DATASET EXCERPTS:
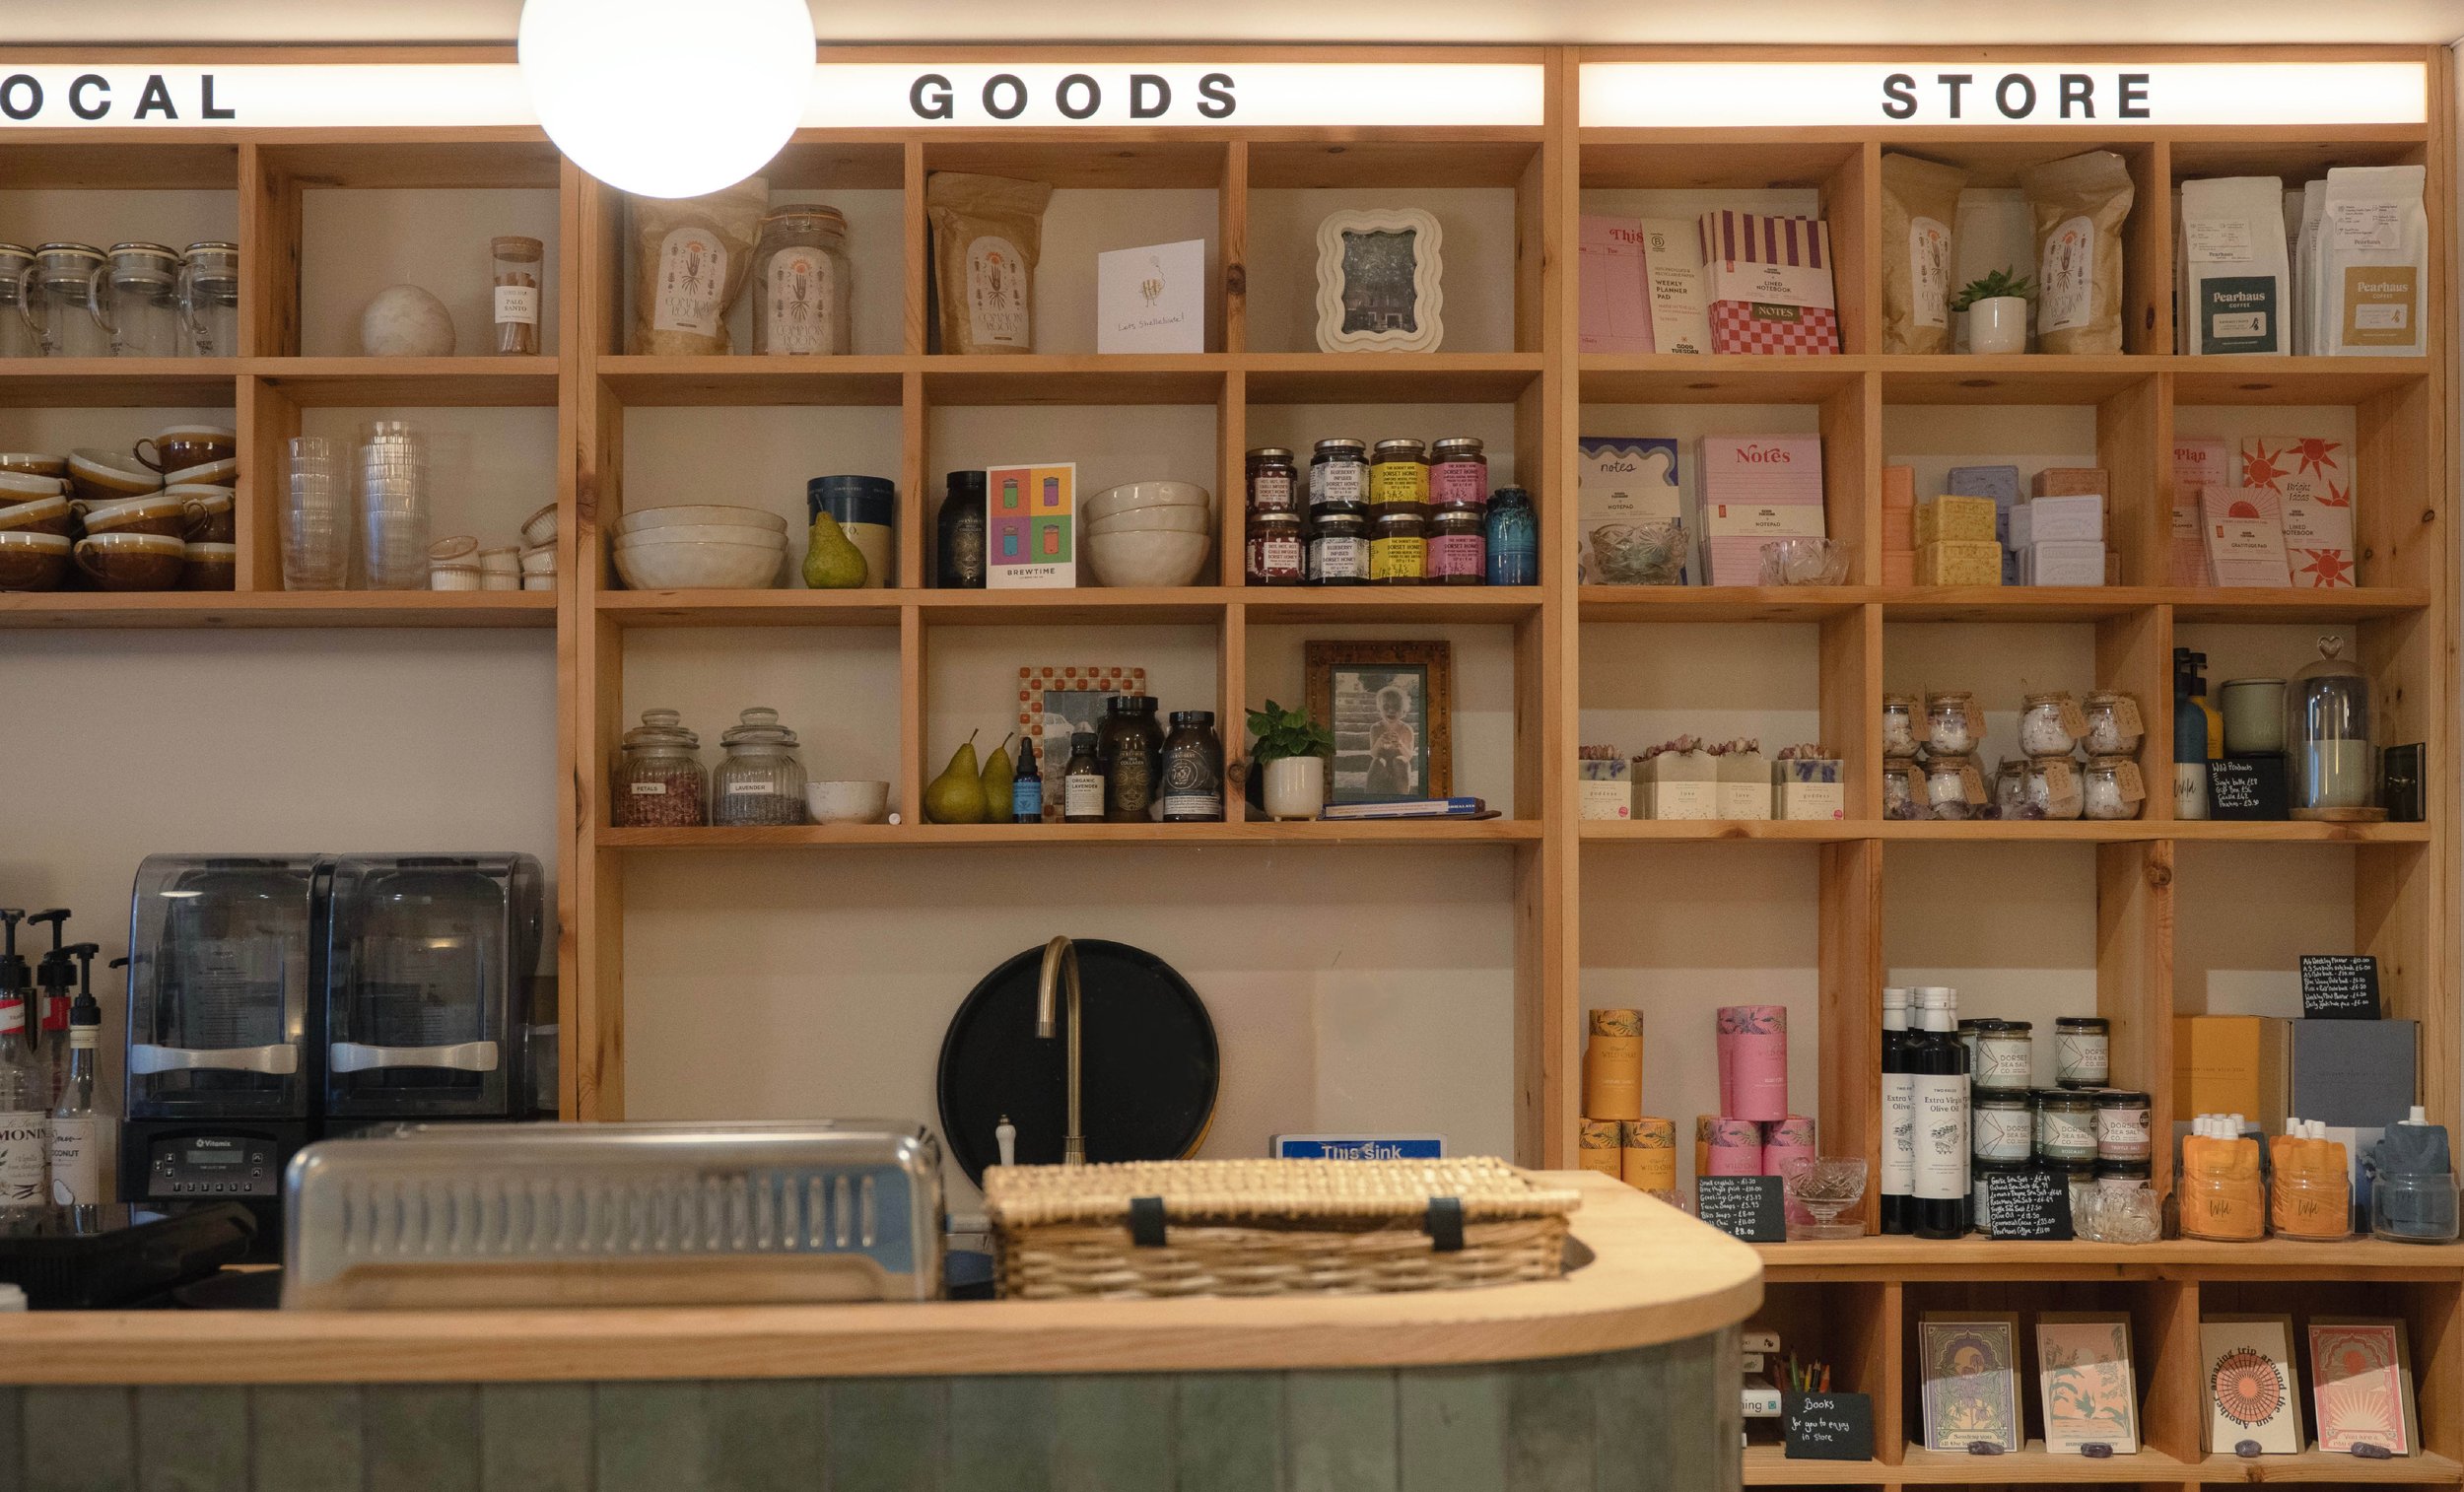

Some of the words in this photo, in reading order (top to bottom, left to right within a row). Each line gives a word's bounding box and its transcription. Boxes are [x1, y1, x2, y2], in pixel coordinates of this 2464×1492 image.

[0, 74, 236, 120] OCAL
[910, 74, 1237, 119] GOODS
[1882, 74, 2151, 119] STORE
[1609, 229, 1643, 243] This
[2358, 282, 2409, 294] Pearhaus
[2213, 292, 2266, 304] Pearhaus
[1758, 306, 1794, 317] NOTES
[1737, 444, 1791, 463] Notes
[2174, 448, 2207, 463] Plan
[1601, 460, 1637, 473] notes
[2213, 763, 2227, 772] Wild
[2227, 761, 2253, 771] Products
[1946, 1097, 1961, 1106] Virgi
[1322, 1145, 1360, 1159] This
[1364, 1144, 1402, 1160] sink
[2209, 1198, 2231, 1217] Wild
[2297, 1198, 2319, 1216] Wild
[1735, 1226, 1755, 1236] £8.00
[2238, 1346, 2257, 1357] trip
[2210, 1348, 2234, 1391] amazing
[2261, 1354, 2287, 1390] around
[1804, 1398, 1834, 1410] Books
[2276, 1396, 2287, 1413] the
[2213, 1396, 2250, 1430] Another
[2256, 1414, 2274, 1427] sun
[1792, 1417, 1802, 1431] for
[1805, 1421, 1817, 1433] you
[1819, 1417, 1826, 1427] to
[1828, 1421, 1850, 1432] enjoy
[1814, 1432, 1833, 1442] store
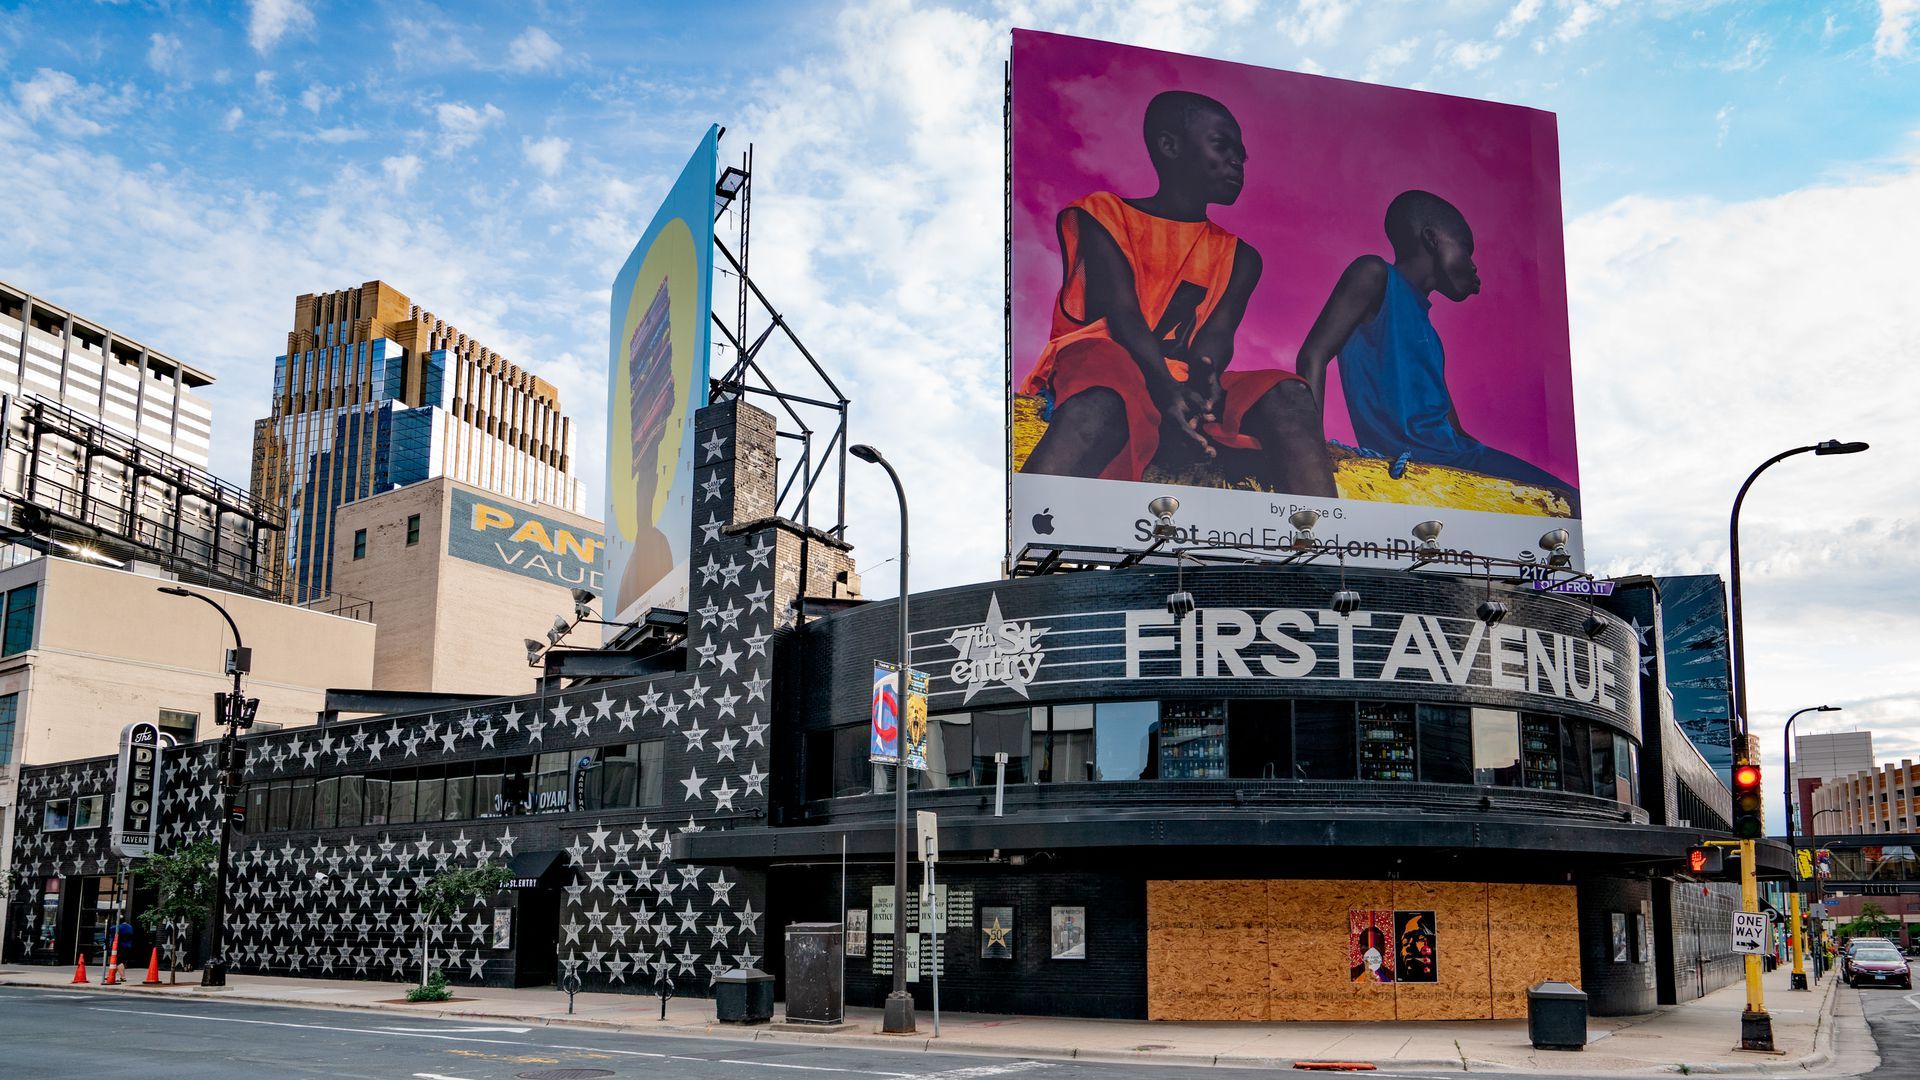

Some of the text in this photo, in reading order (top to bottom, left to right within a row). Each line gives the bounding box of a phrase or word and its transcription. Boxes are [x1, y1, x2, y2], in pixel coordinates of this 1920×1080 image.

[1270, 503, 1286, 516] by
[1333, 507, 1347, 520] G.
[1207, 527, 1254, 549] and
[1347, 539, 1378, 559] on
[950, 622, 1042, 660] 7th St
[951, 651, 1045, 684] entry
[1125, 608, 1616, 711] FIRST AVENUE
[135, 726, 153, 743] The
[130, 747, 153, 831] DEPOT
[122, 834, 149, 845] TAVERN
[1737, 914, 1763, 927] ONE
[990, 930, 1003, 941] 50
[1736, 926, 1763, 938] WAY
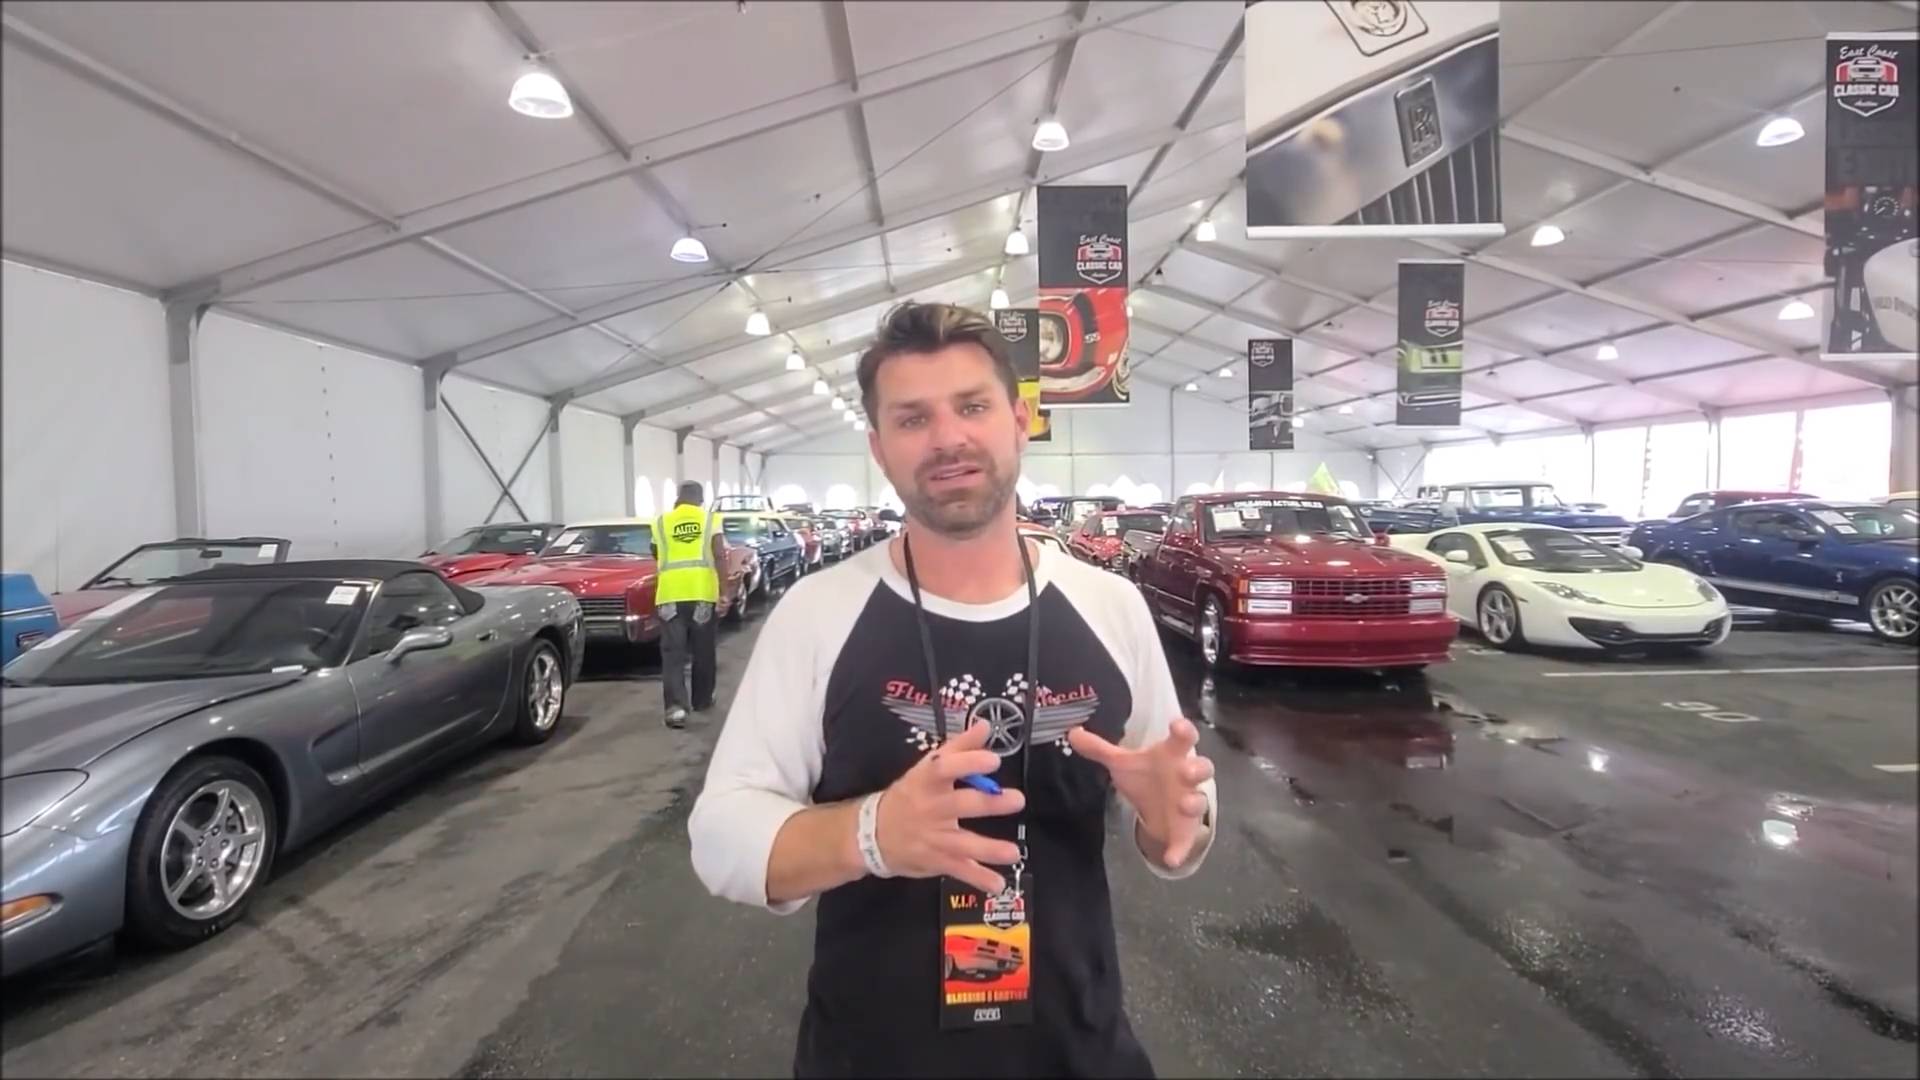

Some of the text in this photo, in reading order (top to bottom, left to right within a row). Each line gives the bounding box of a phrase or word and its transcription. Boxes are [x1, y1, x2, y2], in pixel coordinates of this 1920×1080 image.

EXERCISE: Give back the whole of the material exactly, with the pictures removed.

ANSWER SECTION:
Some of the words in this photo, in reading order (top to bottom, left to right within a row). Each line gives a word's bounding box and its transcription. Boxes are [x1, y1, x2, y2], in pixel coordinates of this 2464×1492 image.

[0, 74, 236, 120] OCAL
[910, 74, 1237, 119] GOODS
[1882, 74, 2151, 119] STORE
[1609, 229, 1643, 243] This
[2358, 282, 2409, 294] Pearhaus
[2213, 292, 2266, 304] Pearhaus
[1758, 306, 1794, 317] NOTES
[1737, 444, 1791, 463] Notes
[2174, 448, 2207, 463] Plan
[1601, 460, 1637, 473] notes
[2213, 763, 2227, 772] Wild
[2227, 761, 2253, 771] Products
[1946, 1097, 1961, 1106] Virgi
[1322, 1145, 1360, 1159] This
[1364, 1144, 1402, 1160] sink
[2209, 1198, 2231, 1217] Wild
[2297, 1198, 2319, 1216] Wild
[1735, 1226, 1755, 1236] £8.00
[2238, 1346, 2257, 1357] trip
[2210, 1348, 2234, 1391] amazing
[2261, 1354, 2287, 1390] around
[1804, 1398, 1834, 1410] Books
[2276, 1396, 2287, 1413] the
[2213, 1396, 2250, 1430] Another
[2256, 1414, 2274, 1427] sun
[1792, 1417, 1802, 1431] for
[1805, 1421, 1817, 1433] you
[1819, 1417, 1826, 1427] to
[1828, 1421, 1850, 1432] enjoy
[1814, 1432, 1833, 1442] store

Some of the text in this photo, in reading order (top to bottom, left to right within a row). Each line gives the bounding box of a phrase or word and its transcription. Boxes are [x1, y1, x2, y2], in pixel coordinates of this 1920×1080 image.

[1270, 503, 1286, 516] by
[1333, 507, 1347, 520] G.
[1207, 527, 1254, 549] and
[1347, 539, 1378, 559] on
[950, 622, 1042, 660] 7th St
[951, 651, 1045, 684] entry
[1125, 608, 1616, 711] FIRST AVENUE
[135, 726, 153, 743] The
[130, 747, 153, 831] DEPOT
[122, 834, 149, 845] TAVERN
[1737, 914, 1763, 927] ONE
[990, 930, 1003, 941] 50
[1736, 926, 1763, 938] WAY

Some of the text in this photo, in reading order (top to bottom, left to right within a row). Each line gives the bounding box of a phrase or word and its transcription. Boxes are [x1, y1, x2, y2], in pixel coordinates of this 1920×1080 image.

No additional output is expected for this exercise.